I know you come for the food. And we’re doing our best to provide something delicious and interesting, to honor the places and people we emulate, not shame them, and stay on and deepen our commitment to the mission.

I’ve explained some of our reasons for doing this. But there’s other stuff, too. Why we keep at it. At our age you start to consider what you’ll leave behind, what kind of impact (dent, in my case) you’ve made. It’s also an age when you’ve usually experienced some significant losses and scares (we sure have), when late-night and early-morning phone calls terrify, and people you love and admire start departing more frequently for places unknown. A time for reflection and taking stock, and hopefully not self-important navel gazing. We’ve been praised and pilloried, had intoxicating ups and soul-crushing downs, road waves of adulation and survived doldrums of irrelevance. How we walk the next stretch matters.
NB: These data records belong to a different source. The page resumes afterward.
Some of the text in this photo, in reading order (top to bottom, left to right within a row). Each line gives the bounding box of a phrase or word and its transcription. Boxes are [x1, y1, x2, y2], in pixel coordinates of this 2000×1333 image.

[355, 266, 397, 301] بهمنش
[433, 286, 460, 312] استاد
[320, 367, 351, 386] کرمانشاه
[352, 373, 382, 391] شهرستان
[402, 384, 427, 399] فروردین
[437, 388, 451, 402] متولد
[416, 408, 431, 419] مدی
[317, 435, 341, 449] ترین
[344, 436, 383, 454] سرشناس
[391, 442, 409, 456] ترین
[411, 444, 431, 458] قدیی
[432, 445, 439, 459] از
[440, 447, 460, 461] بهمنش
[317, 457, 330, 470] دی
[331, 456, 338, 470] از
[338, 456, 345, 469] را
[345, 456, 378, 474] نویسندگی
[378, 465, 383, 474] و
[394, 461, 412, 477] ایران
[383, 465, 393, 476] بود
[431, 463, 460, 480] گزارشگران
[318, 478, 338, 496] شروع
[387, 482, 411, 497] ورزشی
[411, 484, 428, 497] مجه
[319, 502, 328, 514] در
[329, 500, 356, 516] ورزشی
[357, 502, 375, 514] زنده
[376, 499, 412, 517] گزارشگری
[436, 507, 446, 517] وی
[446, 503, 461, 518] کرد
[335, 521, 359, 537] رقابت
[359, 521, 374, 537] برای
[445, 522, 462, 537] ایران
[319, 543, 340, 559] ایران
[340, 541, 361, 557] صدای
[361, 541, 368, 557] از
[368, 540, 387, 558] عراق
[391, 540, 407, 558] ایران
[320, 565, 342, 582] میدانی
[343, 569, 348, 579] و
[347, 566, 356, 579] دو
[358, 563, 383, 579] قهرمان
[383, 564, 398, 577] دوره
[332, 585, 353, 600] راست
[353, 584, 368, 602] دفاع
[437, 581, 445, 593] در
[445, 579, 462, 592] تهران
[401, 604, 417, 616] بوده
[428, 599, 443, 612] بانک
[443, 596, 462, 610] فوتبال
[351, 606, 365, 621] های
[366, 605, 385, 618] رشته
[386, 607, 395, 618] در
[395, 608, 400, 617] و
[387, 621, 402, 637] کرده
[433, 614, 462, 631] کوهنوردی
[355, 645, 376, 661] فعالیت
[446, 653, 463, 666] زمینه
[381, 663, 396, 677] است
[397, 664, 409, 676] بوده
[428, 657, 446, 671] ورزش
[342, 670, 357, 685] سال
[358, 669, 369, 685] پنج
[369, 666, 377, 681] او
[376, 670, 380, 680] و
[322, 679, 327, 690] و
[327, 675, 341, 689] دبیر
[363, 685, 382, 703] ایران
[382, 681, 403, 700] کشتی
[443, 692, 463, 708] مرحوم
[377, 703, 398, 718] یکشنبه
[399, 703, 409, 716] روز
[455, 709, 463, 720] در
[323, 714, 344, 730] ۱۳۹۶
Whether we can make positive differences in the lives of our staff, give back to our neighborhood and city, maybe help the region and people of Abruzzo who provided the example we try to follow, and carve out space – in Abruzzo, hopefully - for ourselves all matters. This ain’t about money (though we’d like to make money, are open to the idea; if you’ve got money you don’t need, we’ll take it). Money’s just what makes it all go. We know the food’s got to be good. And the environment welcoming. We go back to Abruzzo to remind ourselves of how that gets done. Thank you for making that possible.